Transient c-Src suppression during endodermal commitment of human iPSCs results in abnormal profibrotic cholangiocyte-like cells.

Directed differentiation of human induced pluripotent stem cells (iPSCs) toward hepatobiliary lineages has been increasingly used as models of human liver development/diseases. As protein kinases are important components of signaling pathways regulating cell fate changes, we sought to define the key molecular mediators regulating human liver development using inhibitors targeting tyrosine kinases during hepatic differentiation of human iPSCs.

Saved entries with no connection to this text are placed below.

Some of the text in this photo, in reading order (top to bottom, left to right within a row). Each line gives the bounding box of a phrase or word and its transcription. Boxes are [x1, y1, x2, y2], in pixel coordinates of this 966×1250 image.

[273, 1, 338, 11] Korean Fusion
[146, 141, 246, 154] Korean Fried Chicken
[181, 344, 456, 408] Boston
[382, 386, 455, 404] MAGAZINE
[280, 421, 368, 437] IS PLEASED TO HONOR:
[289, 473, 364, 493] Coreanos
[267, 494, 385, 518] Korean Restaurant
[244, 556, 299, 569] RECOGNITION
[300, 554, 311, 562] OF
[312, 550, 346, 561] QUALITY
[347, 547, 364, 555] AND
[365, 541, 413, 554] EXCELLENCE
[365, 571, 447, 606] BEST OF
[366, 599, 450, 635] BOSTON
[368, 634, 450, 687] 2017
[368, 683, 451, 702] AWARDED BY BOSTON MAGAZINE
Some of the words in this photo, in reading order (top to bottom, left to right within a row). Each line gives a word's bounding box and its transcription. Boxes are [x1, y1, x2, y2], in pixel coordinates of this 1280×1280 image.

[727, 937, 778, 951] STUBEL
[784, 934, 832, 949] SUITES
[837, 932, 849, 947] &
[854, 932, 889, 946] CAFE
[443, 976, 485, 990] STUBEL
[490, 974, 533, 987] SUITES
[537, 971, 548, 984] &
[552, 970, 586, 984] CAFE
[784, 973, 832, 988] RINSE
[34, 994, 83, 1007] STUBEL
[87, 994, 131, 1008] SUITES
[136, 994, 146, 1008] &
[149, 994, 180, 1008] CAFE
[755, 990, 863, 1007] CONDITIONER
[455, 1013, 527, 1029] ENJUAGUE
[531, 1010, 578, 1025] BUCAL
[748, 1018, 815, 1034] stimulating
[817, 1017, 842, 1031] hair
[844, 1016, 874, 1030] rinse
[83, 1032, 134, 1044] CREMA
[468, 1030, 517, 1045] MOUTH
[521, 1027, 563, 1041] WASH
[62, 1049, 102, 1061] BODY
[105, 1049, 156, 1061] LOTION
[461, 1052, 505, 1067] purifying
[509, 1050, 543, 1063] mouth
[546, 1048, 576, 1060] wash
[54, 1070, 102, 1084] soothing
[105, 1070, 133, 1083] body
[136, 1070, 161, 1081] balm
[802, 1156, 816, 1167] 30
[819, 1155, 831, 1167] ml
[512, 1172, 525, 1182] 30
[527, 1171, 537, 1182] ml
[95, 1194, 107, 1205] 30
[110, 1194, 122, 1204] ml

A library of tyrosine kinase inhibitors was used for initial screening during the multi-stage differentiation of human iPSCs to hepatic lineage. Among the 80 kinase inhibitors tested, only Src inhibitors suppressed endoderm formation while none had significant effect on later stages of hepatic differentiation. Transient inhibition of c-Src during endodermal induction of human iPSCs reduced endodermal commitment and expression of endodermal markers including SOX17 and FOXA2 in a dose dependent manner. Interestingly, the transiently treated cells later developed into profibrogenic cholangiocyte-like cells expressing both cholangiocyte markers such as CK7 and CK19 and fibrosis markers including Collagen1 and SMA. Further analysis of these cells revealed co-localized expression of collagen and YAP (a marker associated with bile duct proliferation/fibrosis), and an increased production of IL-6 and TNF-alpha. Moreover, treatment with verteporfin, a YAP inhibitor, significantly reduced expression of fibrosis markers. In summary, these results suggest that c-Src has a critical role in cell fate determination during endodermal commitment of human iPSCs, and its alteration in early liver development in human may lead to increased production of abnormal YAP expressing profibrogenic proinflammatory cholangiocytes, similar to those seen in livers of patients with biliary fibrosis. SIGNIFICANCE STATEMENT: Using human iPSCs, we discovered that a protein kinase c-Src is important for endoderm formation and that a transient alteration of its activity in the early stage of liver development results in abnormal fibrotic-biliary cells resembling those observed in patients with biliary fibrosis. Since it is not feasible to study early endoderm formation in human fetus, this study provides a basis for establishing human-specific experimental systems for studying abnormal liver development which may potentially associated with liver fibrosis and cirrhosis. © AlphaMed Press 2018.